-------- DATA FOR THE TASK

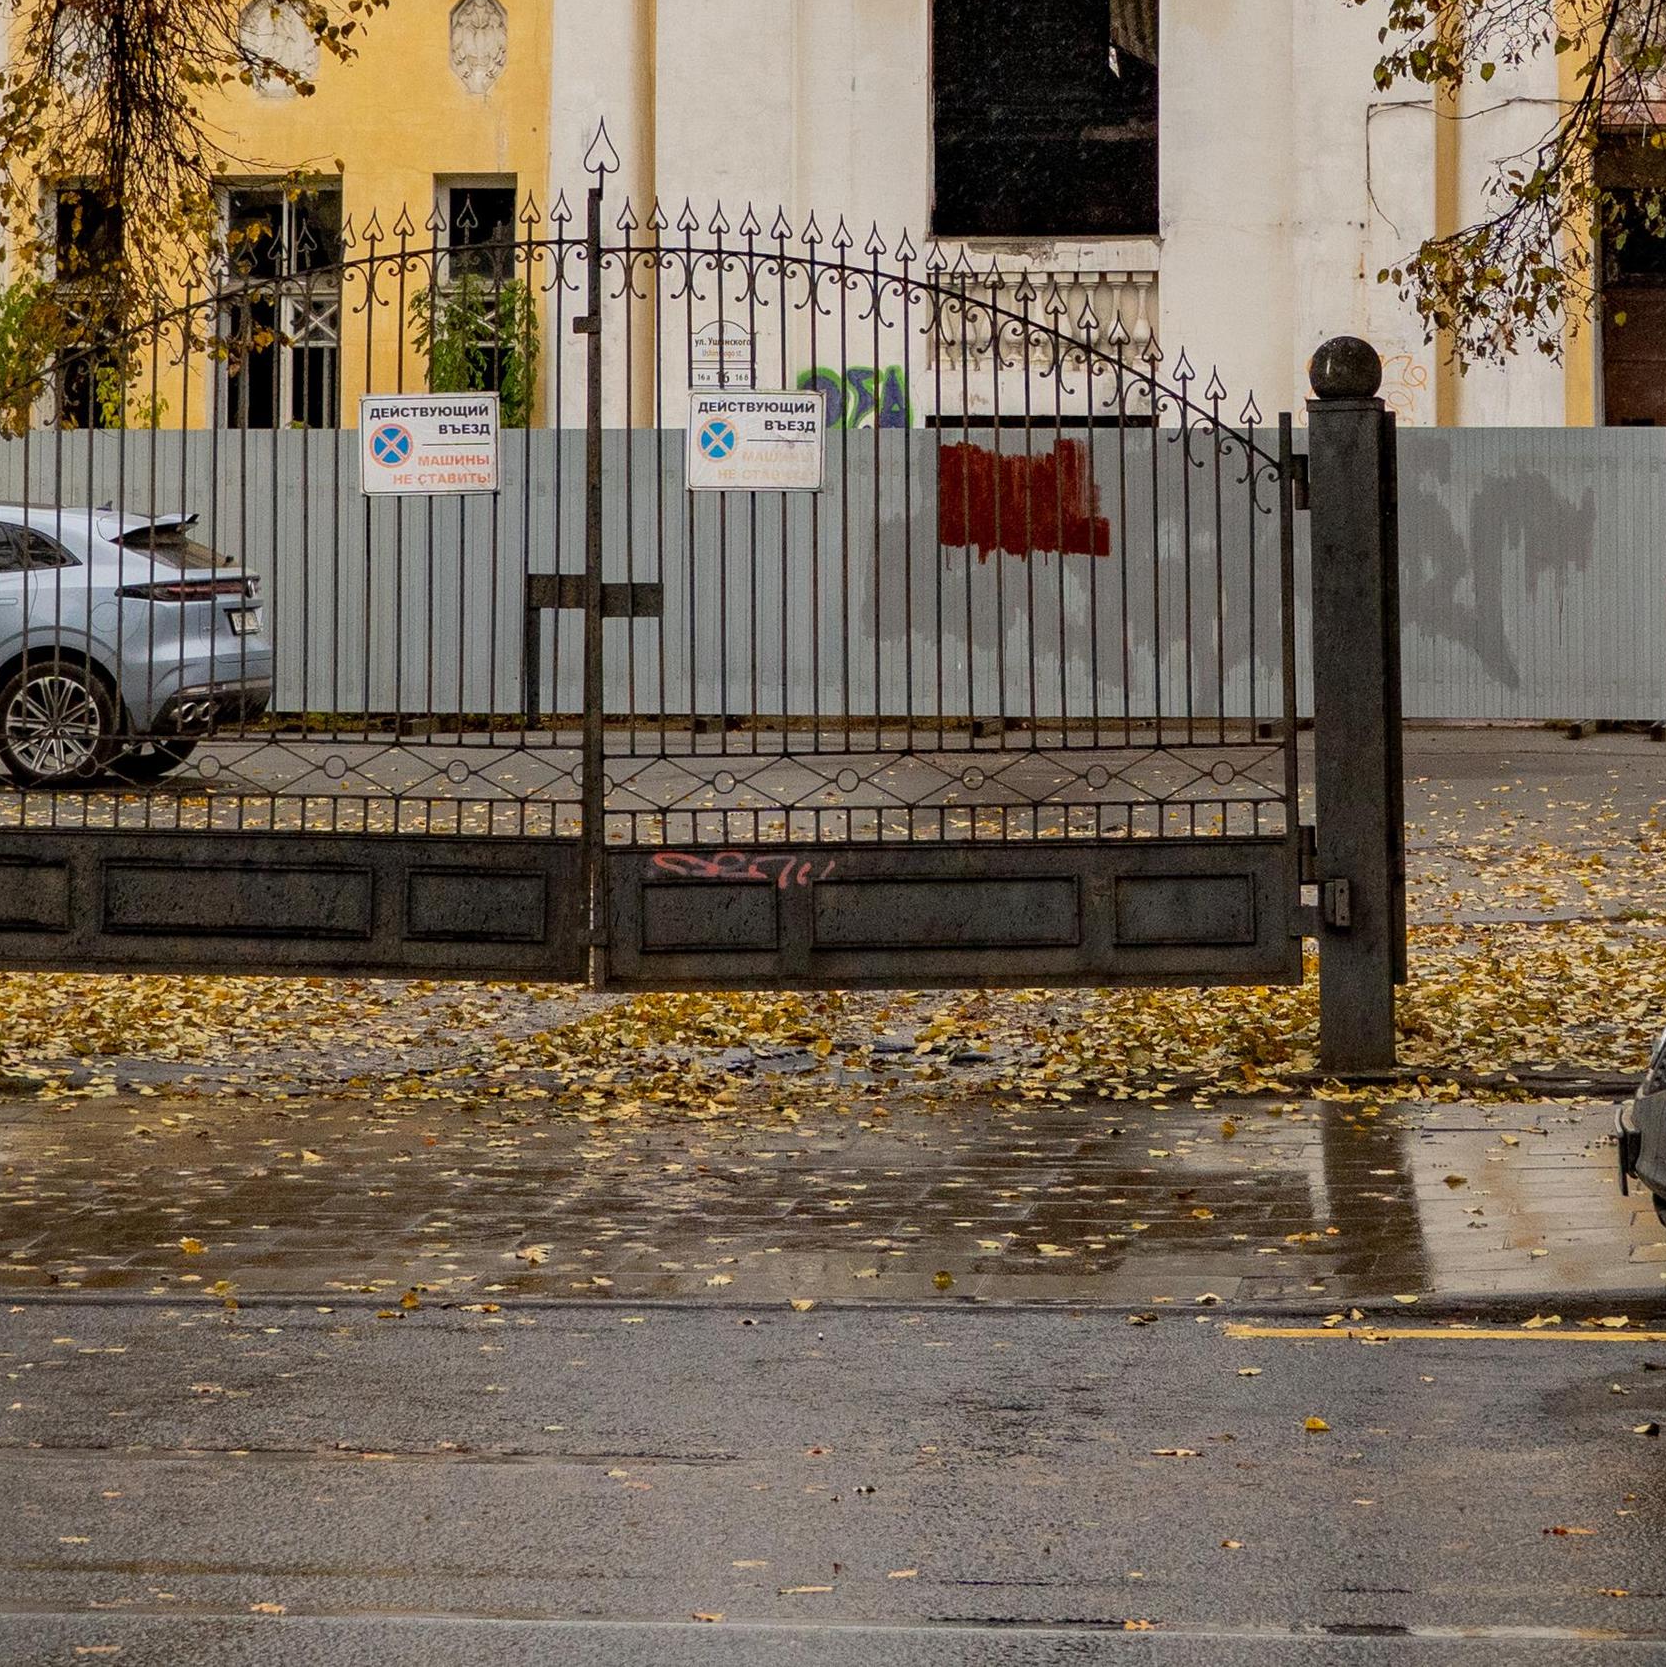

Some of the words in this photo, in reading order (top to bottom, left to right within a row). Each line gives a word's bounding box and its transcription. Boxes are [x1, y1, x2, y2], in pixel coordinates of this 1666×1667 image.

[694, 338, 707, 347] ул.
[708, 337, 751, 347] Ушнского
[369, 405, 489, 420] ДЕЙСТВУЮЩИЙ
[698, 400, 816, 415] ДЕЙСТВУЮЩИЙ
[438, 423, 490, 435] ВЪЕЗД
[764, 420, 816, 433] ВЪЕЗД
[417, 454, 490, 466] МАШИНЫ
[392, 474, 413, 485] НЕ
[417, 472, 491, 485] СТАВИТЬ!

----------------

**INSTRUCTIONS FOR THE TASK**
Above are the records; copy them exactly without the pictures.

**REPLY TO THE EXERCISE**
Some of the words in this photo, in reading order (top to bottom, left to right within a row). Each line gives a word's bounding box and its transcription. Boxes are [x1, y1, x2, y2], in pixel coordinates of this 1666×1667 image.

[694, 338, 707, 347] ул.
[708, 337, 751, 347] Ушнского
[369, 405, 489, 420] ДЕЙСТВУЮЩИЙ
[698, 400, 816, 415] ДЕЙСТВУЮЩИЙ
[438, 423, 490, 435] ВЪЕЗД
[764, 420, 816, 433] ВЪЕЗД
[417, 454, 490, 466] МАШИНЫ
[392, 474, 413, 485] НЕ
[417, 472, 491, 485] СТАВИТЬ!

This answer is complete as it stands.